Al Regio la solitudine di Violetta
Luca Rossetto Casel
11 Mag 2001 - Commenti classica
Torino, Teatro Regio, 8-15 maggio 2001
Il sipario scorre via veloce, e, per un attimo, al centro del palcoscenico, è lei, sola. Nel brevissimo lasso di tempo che separa la fine del preludio dall'ingresso turbinoso dei convitati, la solitudine di Violetta occupa la scena, fotografata in tutta la sua palpabilità . Perchè quella di Violetta Valery, la signora delle camelie, è una storia di solitudine solitudine tanto più acuta nella vacuità di una vita che cerca solo di dimenticare sè stessa, come è quella portata in teatro con lucidità spietata dal primo atto di Traviata.
Questo è quanto l'intelligenza e non dimentichiamolo- la conoscenza del testo di Alberto Fassini, regista di questo allestimento del capolavoro verdiano, offrono allo spettatore del Teatro Regio nella sola manciata di secondi che apre il primo atto. E tali felici premesse non vengono deluse: il resto dello spettacolo procede fluidamente, guidato da una regia sensibilissima, capace di impreziosirsi e di stupire con le gemme di piccoli gesti sempre accuratamente appropriati, che non si sovrappongono alla partitura poichè quella di Traviata è particolarmente eloquente in fatto di regia implicita – ma la riflettono e, spesso, la illuminano a loro volta.
Ora, questo avviene anche grazie a una compagnia di cantanti indiscutibilmente provvisti di presenza scenica e doti di attori (e ciò vale anche per i bravi comprimari, in particolare Bernadette Lucarini, che ha interpretato l'indispensabile Annina). Roberto Servile è splendido da tutti i punti di vista: capace di disegnare con pochi tratti un Germont umanissimo, canta ogni frase con grande musicalità ed espressione un vero fuoriclasse (e versatile, anche: i torinesi ricorderanno come pochi mesi fa, nello stesso teatro, abbia saputo dar voce al Figaro rossiniano). Tito Beltran è un Alfredo appassionato e, nonostante una pronuncia non sempre perfetta, elegante nel fraseggio (Parigi, o cara); in virtù di un temperamento esuberante, trova nei grandi slanci melodici la sua dimensione ideale.
La vera star dello spettacolo, però, è ancora una volta lei, Violetta; perchè è diventato difficile parlare di Violetta senza pensare a Eteri Gvazava, il giovane soprano siberiano impostosi nell'immaginario collettivo nel ruolo della protagonista della grande avventura mass-mediatica de La Traviata à Paris.

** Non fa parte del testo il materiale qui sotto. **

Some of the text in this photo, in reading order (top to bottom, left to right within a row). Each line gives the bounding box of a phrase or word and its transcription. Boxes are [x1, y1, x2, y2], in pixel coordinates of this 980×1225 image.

Va detto subito che Eteri Gvazava non è solo un volto televisivo, ma una musicista vera, dotata peraltro di una spiccata personalità . Dall'unione di quest'ultima con una notevole coscienza del proprio strumento vocale nasce un'interpretazione del personaggio originale e, sotto molti aspetti, decisamente nuova.

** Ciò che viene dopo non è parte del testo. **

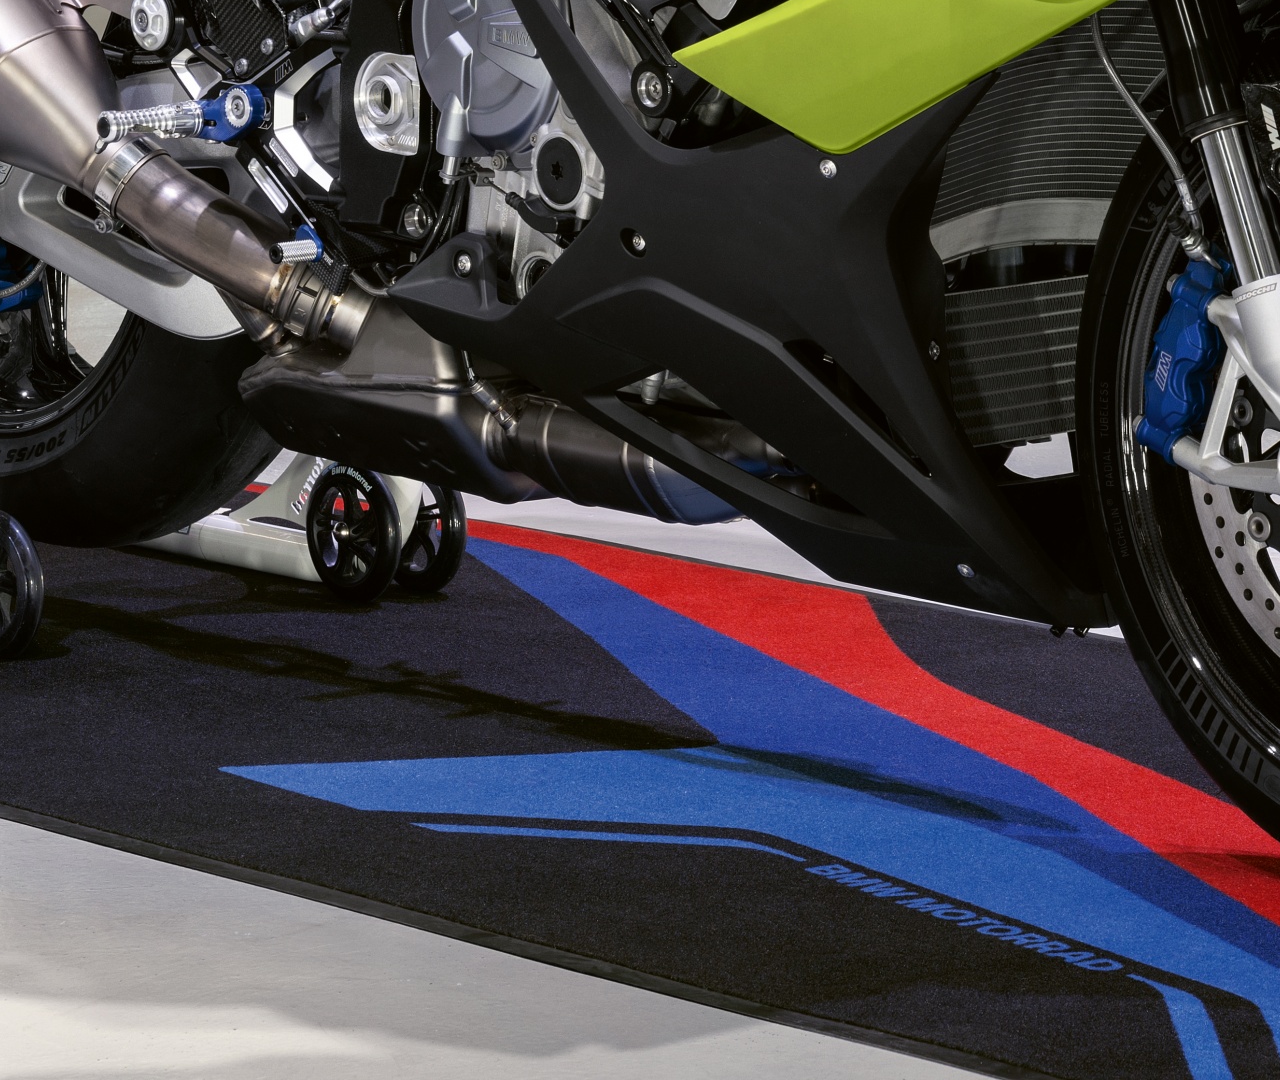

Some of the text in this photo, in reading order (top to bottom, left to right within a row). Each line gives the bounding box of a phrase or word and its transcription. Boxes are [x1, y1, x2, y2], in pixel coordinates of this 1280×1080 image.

[492, 27, 531, 47] BMW
[82, 321, 146, 430] CHELIN
[1099, 381, 1109, 437] TUBELESS
[4, 430, 68, 463] 200/55
[331, 466, 373, 492] BMW Motorrad
[1106, 448, 1115, 487] RADIAL
[805, 864, 1124, 971] BMW MOTORRAD

Nello specifico, ciò che caratterizza questa Violetta mi pare ravvisabile in un tratto di fondamentale dolcezza, mesta e luminosissima allo stesso tempo. Sotto il profilo tecnico, essa si manifesta in un'emissione sempre molto morbida, anche negli acuti più impervi, oltre che in un timbro rotondo e puro, dalla tavolozza ricca di sfumature; e in una notevolissima duttilità nell'articolazione. Bene: ma vediamo come tutto ciò trovi applicazione nella definizione del personaggio esaminando il cuore dell'opera: la prima parte del secondo atto.

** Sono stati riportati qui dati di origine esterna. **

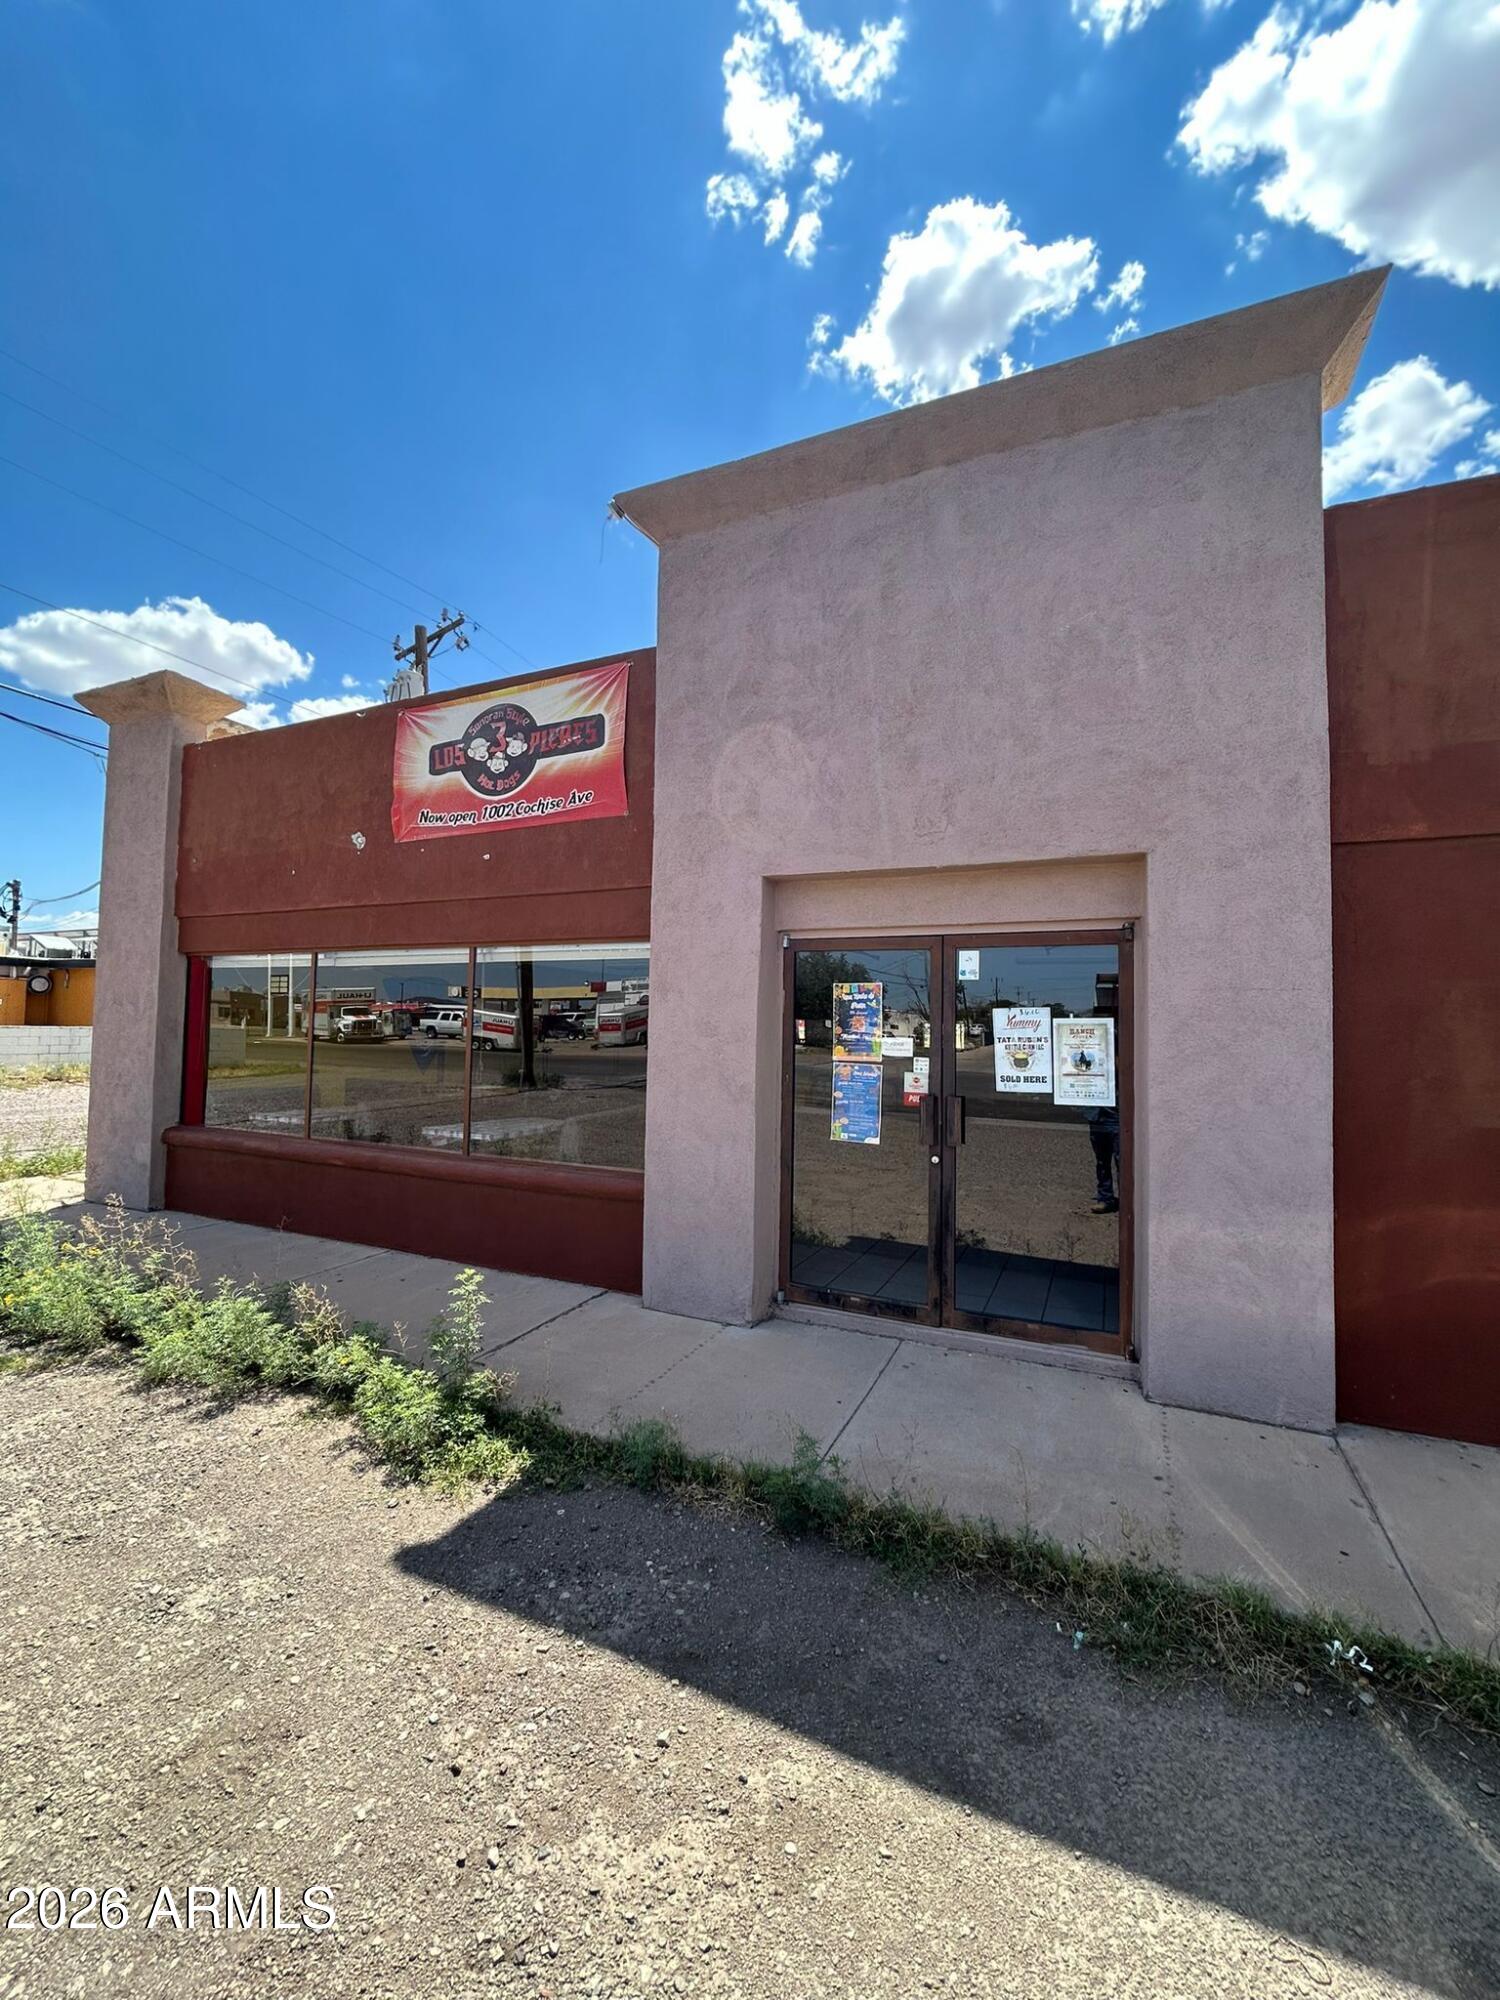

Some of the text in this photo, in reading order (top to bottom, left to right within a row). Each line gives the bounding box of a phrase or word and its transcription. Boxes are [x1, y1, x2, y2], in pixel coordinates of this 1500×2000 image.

Il grande duetto con Germont padre costituisce la chiave di volta de La Traviata in quanto determina allo stesso tempo lo snodo drammatico della vicenda e l'affermazione, per la prima volta completa, dell'avvenuta trasformazione di Violetta. Ho già avuto modo di scrivere riguardo all'eccellente prestazione di Roberto Servile; da parte sua, Eteri Gvazava mette a disposizione della protagonista tutto il suo bagaglio tecnico e, soprattutto, la sua intelligenza musicale. Il Vivacissimo di Non sapete quale affetto, per esempio, è veramente agitato, in virtù di una resa del nervoso gioco di articolazioni efficacissima; e i piano di Dite alla giovine sono davvero uno squarcio sull'anima, carichi di dolore ma di una dolcezza infinita; la fedeltà al testo non è mai fine a sè stessa, ma appare sempre guidata dall'attenzione per la psicologia del personaggio. Il cui aspetto determinante e, al tempo stesso, più originale, ho trovato poco più avanti, nella pagina probabilmente più nota di tutta l'opera: Amami, Alfredo.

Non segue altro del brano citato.